[Collected data]
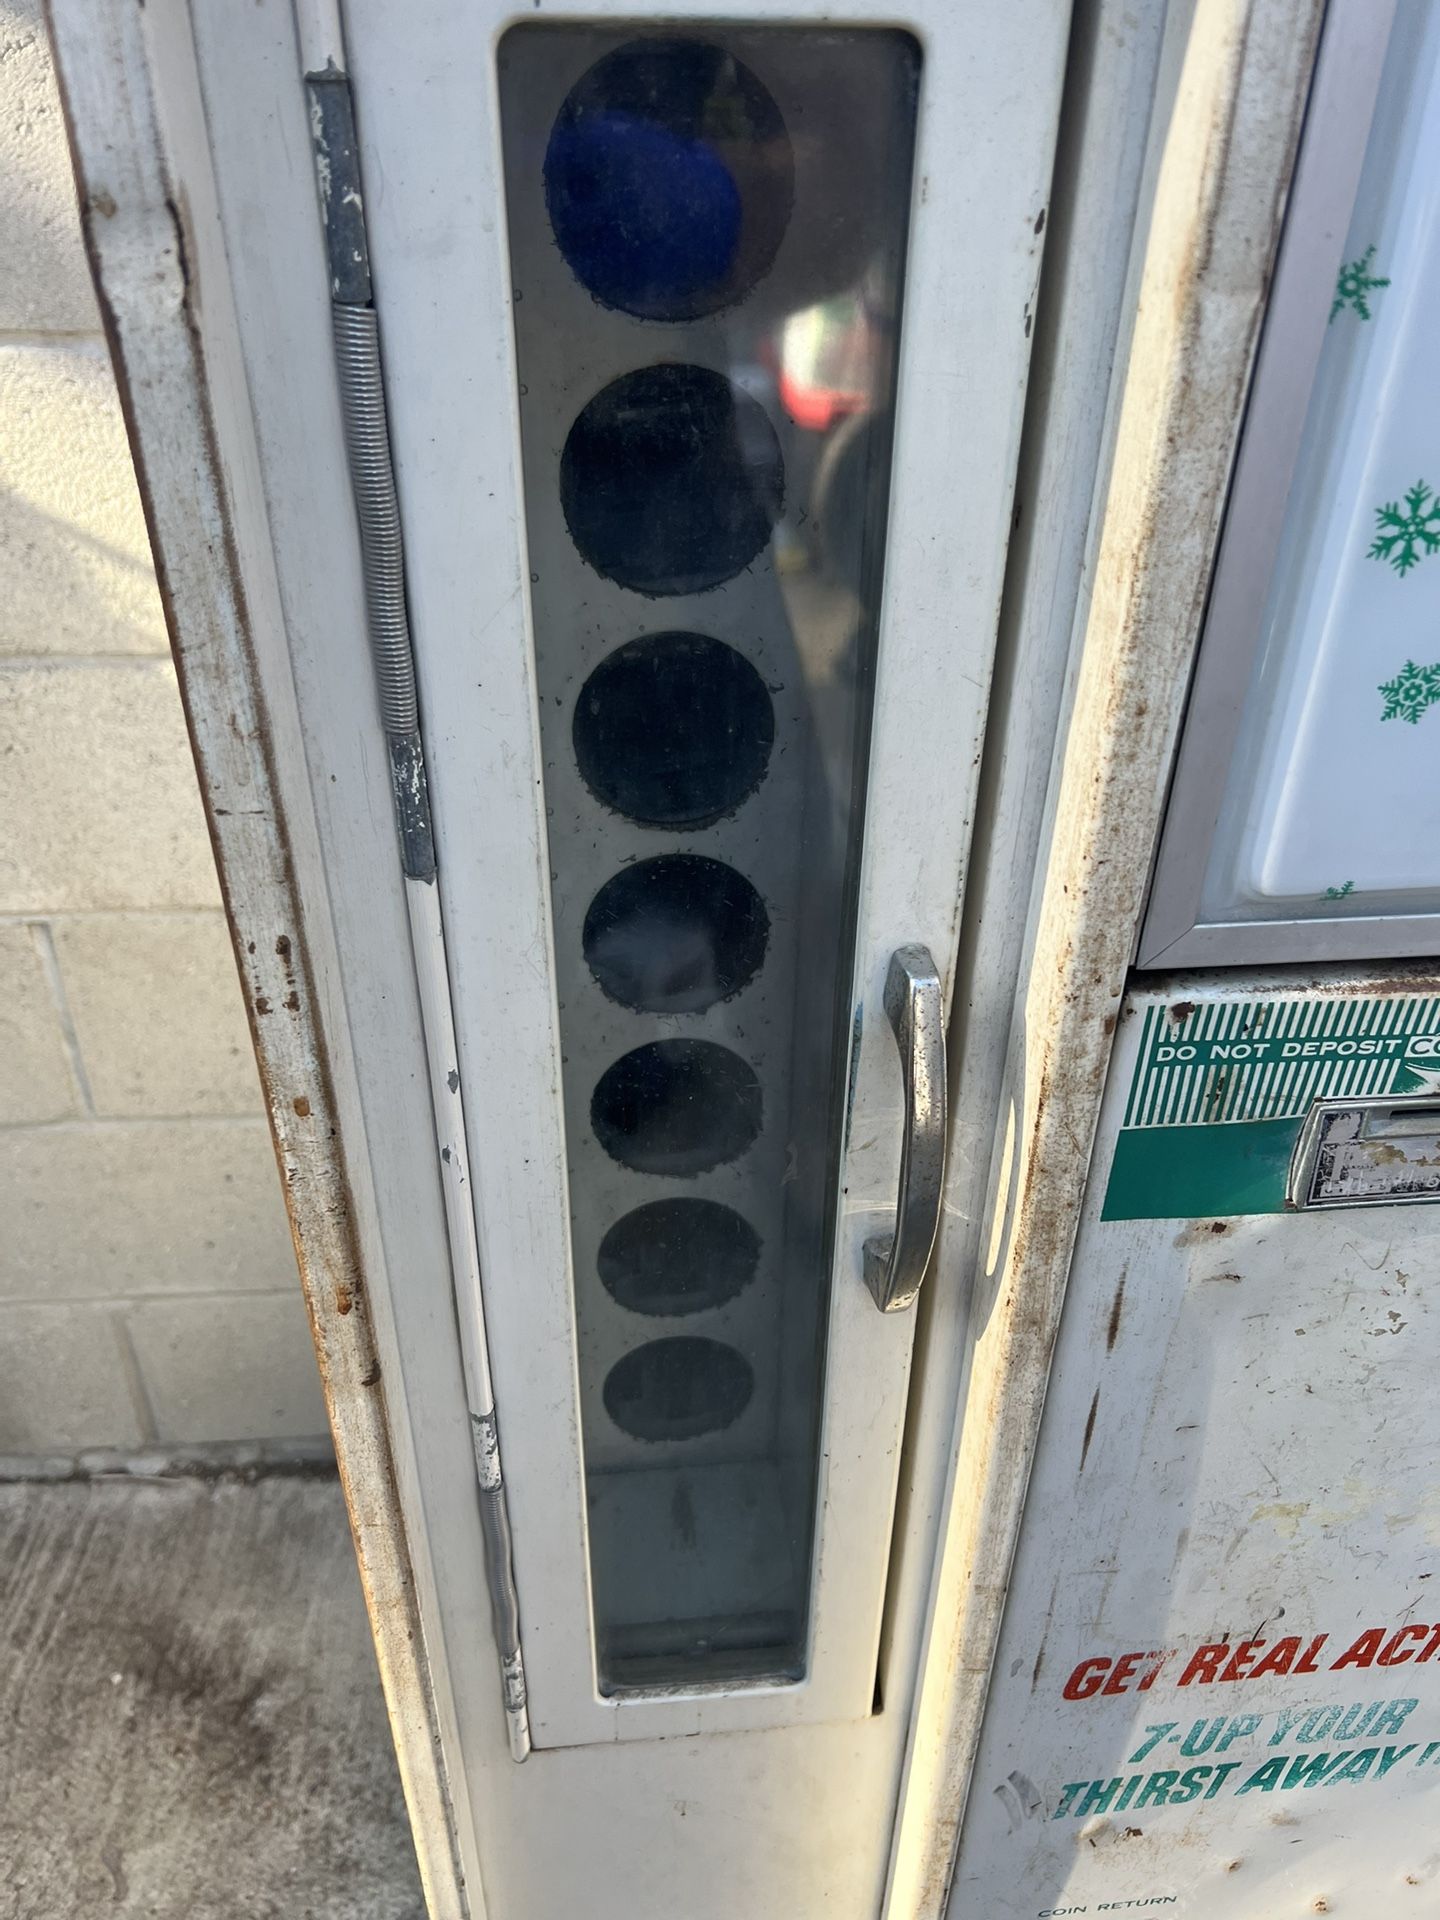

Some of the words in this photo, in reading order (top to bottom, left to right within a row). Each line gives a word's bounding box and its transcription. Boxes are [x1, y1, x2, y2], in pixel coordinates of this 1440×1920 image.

[1156, 1045, 1197, 1062] DO
[1209, 1043, 1270, 1060] NOT
[1280, 1038, 1403, 1058] DEPOSIT
[1062, 1647, 1178, 1700] GET
[1177, 1634, 1330, 1687] REAL
[1128, 1714, 1262, 1763] 7-UP
[1267, 1698, 1420, 1747] YOUR
[1051, 1762, 1242, 1820] THIRST
[1038, 1906, 1087, 1918] COIN
[1097, 1896, 1177, 1911] RETURN

Problem to solve → Without the pictures, return each entry exactly as given.

Solution for this task →
Some of the words in this photo, in reading order (top to bottom, left to right within a row). Each line gives a word's bounding box and its transcription. Boxes are [x1, y1, x2, y2], in pixel coordinates of this 1440×1920 image.

[1156, 1045, 1197, 1062] DO
[1209, 1043, 1270, 1060] NOT
[1280, 1038, 1403, 1058] DEPOSIT
[1062, 1647, 1178, 1700] GET
[1177, 1634, 1330, 1687] REAL
[1128, 1714, 1262, 1763] 7-UP
[1267, 1698, 1420, 1747] YOUR
[1051, 1762, 1242, 1820] THIRST
[1038, 1906, 1087, 1918] COIN
[1097, 1896, 1177, 1911] RETURN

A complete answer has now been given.